GM3 promotes opening of GCGR ECD toward the bilayer. (A and B) The angle between two planes (defined by the backbone beads of R199, V285, and T369 on the TMD in orange, and E34, H45, and H93 on the ECD in red) characterizes the conformation of the ECD relative to the TMD. These ECD-TMD planes are indicated on CG structures of (A) GCGRapo (light blue) and (B) GCGRpept (dark blue). The NNC1702 peptide bound to GCGRpept is colored lime green. Lipid phosphate groups are shown as gray spheres, and the position of the extracellular (EC) and intracellular (IC) leaflets are indicated. (C) ECD-TMD angle distribution is calculated across simulations. Simulations from the top down correspond to CG simulations of GCGRapo embedded in a binary mixture (labeled “simple”) POPC/cholesterol bilayer or complex bilayers (as shown in Fig. 1 B), containing 0, 5, or 10% GM3, to atomistic simulations of GCGRapo embedded in mixed lipid bilayers containing 10% GM3 with the initial protein conformation set to the crystal structure, and to CG simulations of GCGRpept and GCGRΔ_pept in mixed lipid bilayers containing 10% GM3. (D) GM3 (orange) bound to GCGRapo, GCGRpept, and GCGRΔ_pept at the end of CG simulations in mixed lipid bilayers containing 10% GM3. Extracellular loops and regions of the ECD interacting with GM3 are labeled. To see this figure in color, go online.

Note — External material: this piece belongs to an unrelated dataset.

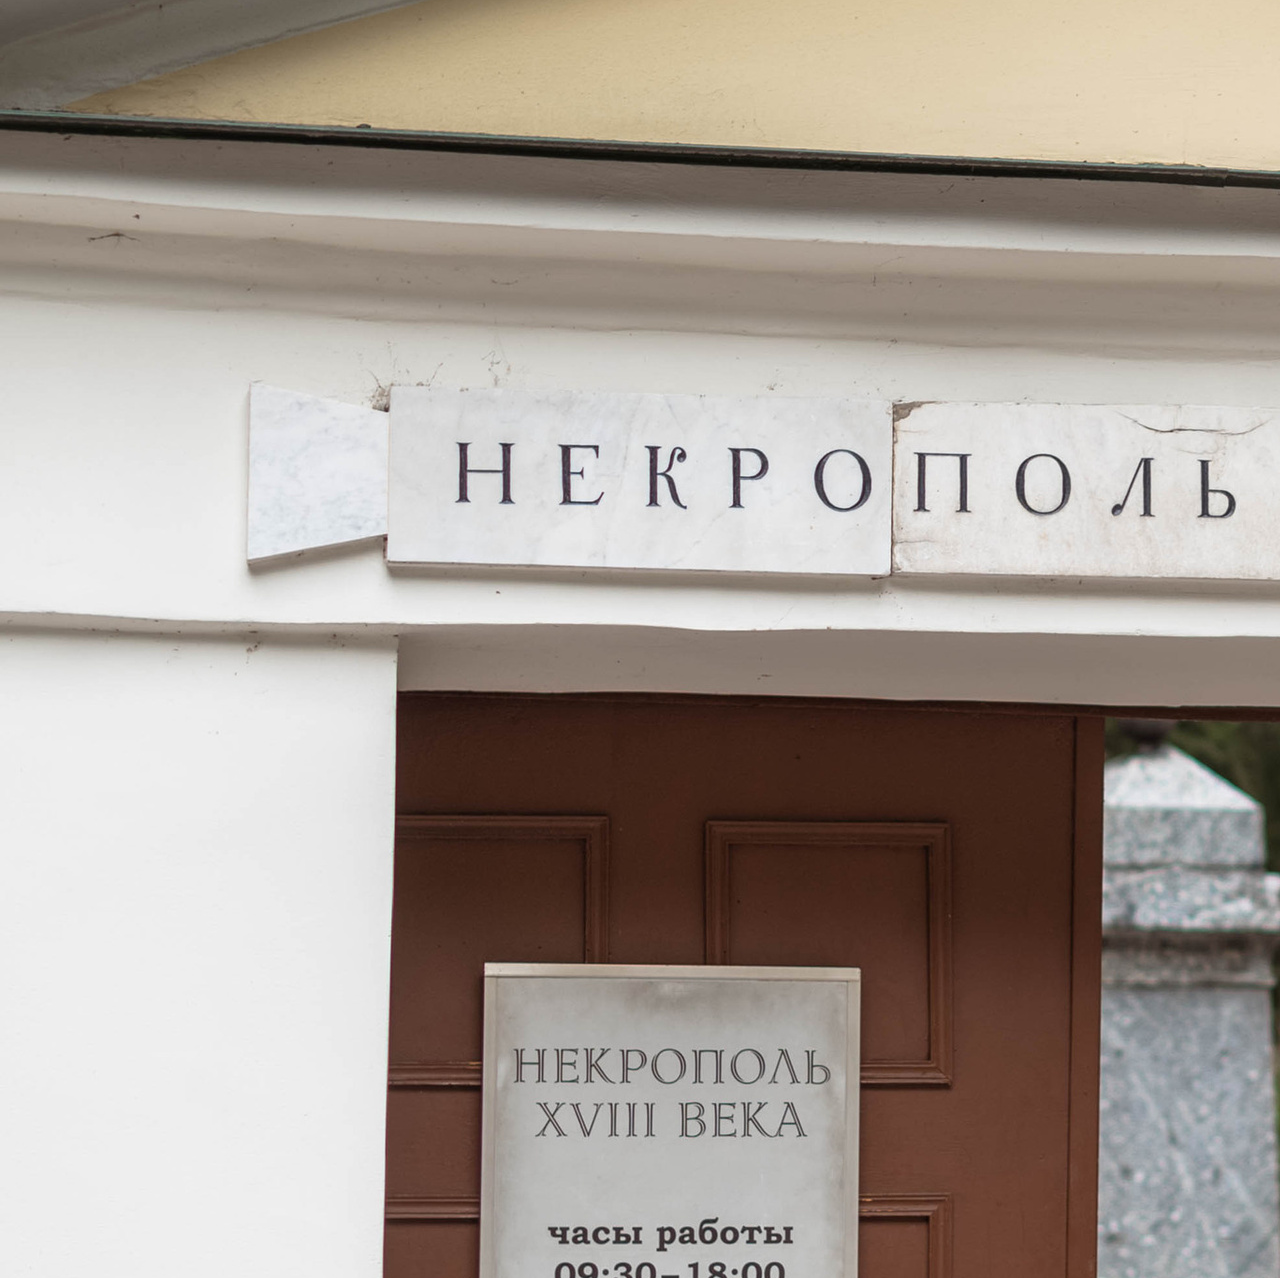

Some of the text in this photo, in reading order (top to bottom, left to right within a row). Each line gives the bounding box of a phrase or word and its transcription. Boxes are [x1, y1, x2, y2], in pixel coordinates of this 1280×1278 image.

Given the increase in bilayer complexity compared with previous simulations, and our observation (above) of GM3 localization around GCGR, we postulated that ECD opening and/or closing may occur as a result of changes in contacts with the headgroup of the ganglioside (Fig. 2). To investigate the potential influence of GM3 on GCGRapo ECD behavior, we performed CG simulations in both a binary mixture bilayer composed of POPC/CHOL (3:1) (Fig. 2 C; Table 1) and in more complex mixed lipid bilayers in which the abundance of GM3 was modulated between 0 and 10%, adjusting the amount of PC accordingly (Table 1). We also performed simulations in mixed lipid bilayers containing an enhanced content of GM3 (15 and 20%, compared with the physiological plasma membrane GM3 concentration of ∼10% (67)) to mimic possible lateral fluctuations in the local GM3 content of cell membranes (Fig. S5 A; (68)).

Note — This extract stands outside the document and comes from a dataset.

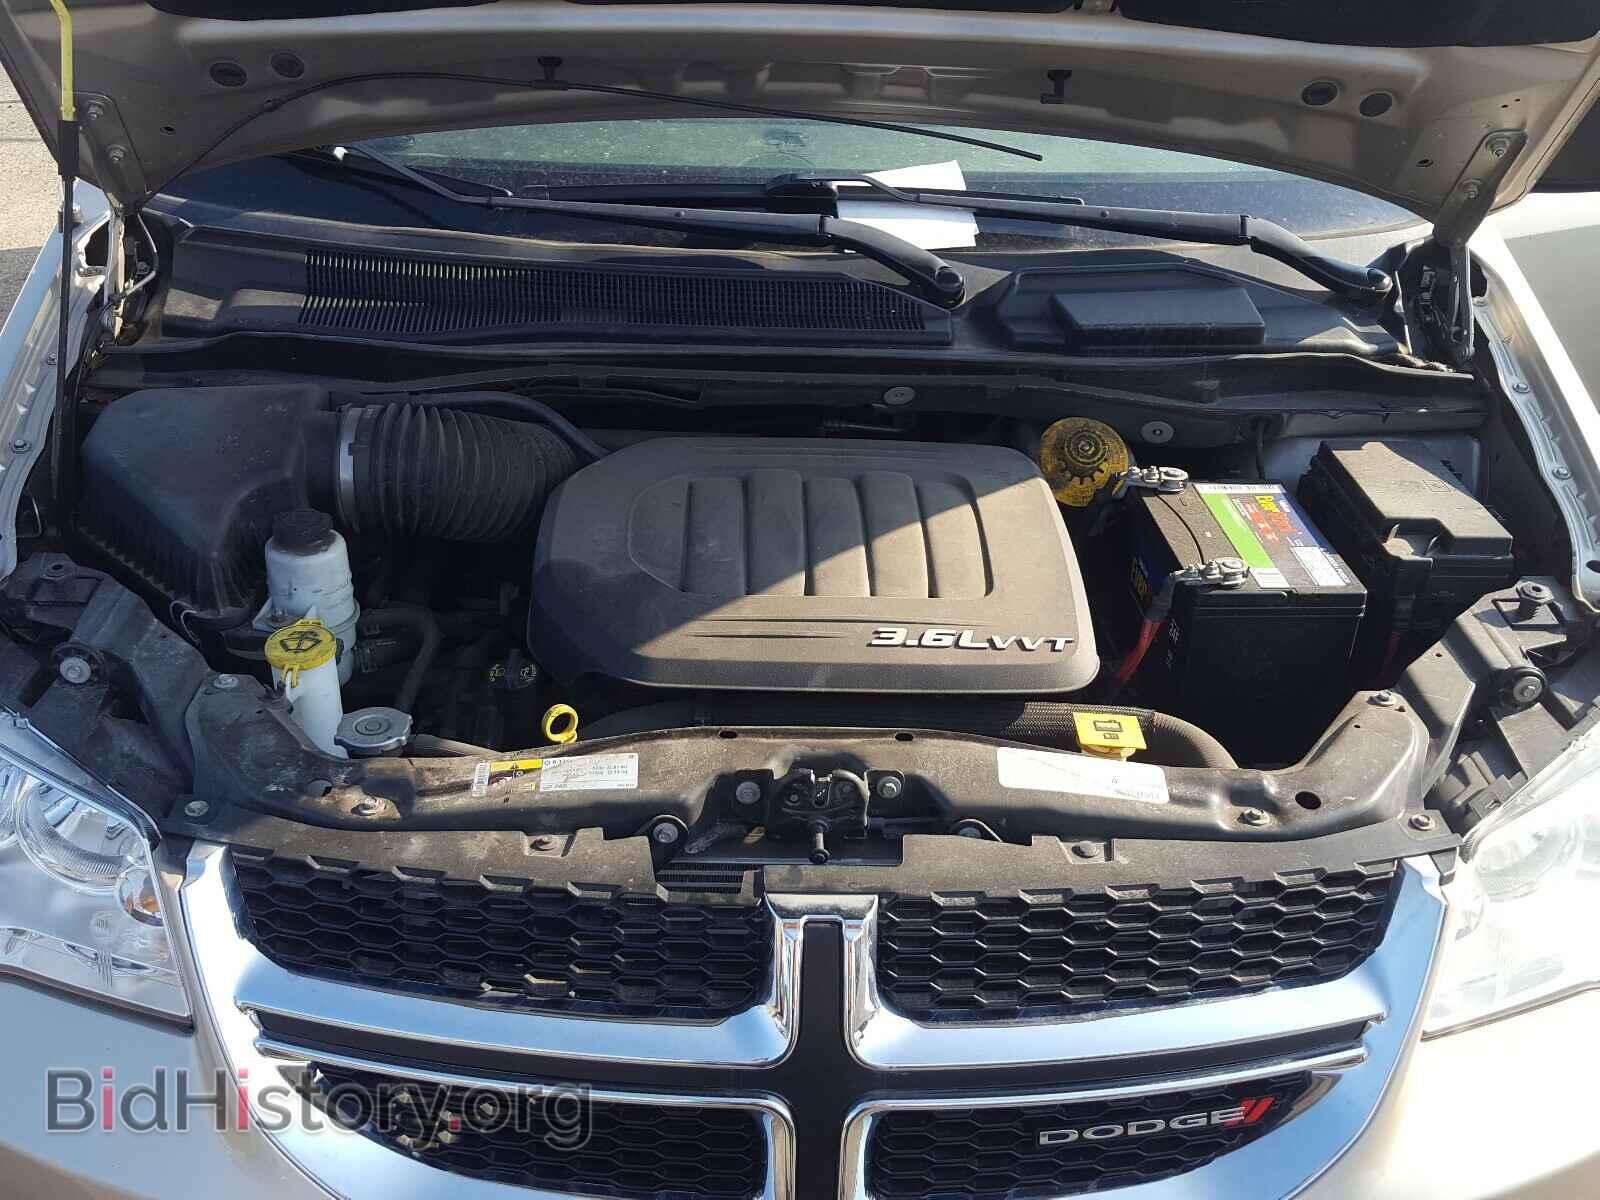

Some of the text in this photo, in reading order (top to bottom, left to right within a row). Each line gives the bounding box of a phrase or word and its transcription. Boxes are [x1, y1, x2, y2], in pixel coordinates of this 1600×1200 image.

[867, 627, 1075, 652] 3.6L VVT
[1039, 1106, 1246, 1146] DODGE

To describe motions of the ECD in simulations of the GCGR with different bilayer compositions, we calculated the angle between two planes defined by the residues E34, H45, and H93 on the ECD and R199, V285, and T369 on the TMD (Fig. 2, A and B). For GCGRapo in either a binary mixture bilayer or a more complex mixed lipid bilayer lacking GM3, the mean (±standard deviation) angles between the ECD and TMD planes were 79° (±16°) and 90° (±25°), respectively. Inclusion of GM3 in the mixed lipid bilayer increased the mean angle to 135° (±27°) and 109° (±32°) for 5 and 10% GM3, respectively (Fig. 2 C). A shift in the distribution of ECD-TMD angles to angles >120° when GM3 is included in the bilayer is consistent with the ability for GM3 to promote a greater range of GCGRapo ECD movement. The increased variability of the ECD-TMD angles when GM3 is included is reflected by a higher standard deviation compared with in the absence of GM3.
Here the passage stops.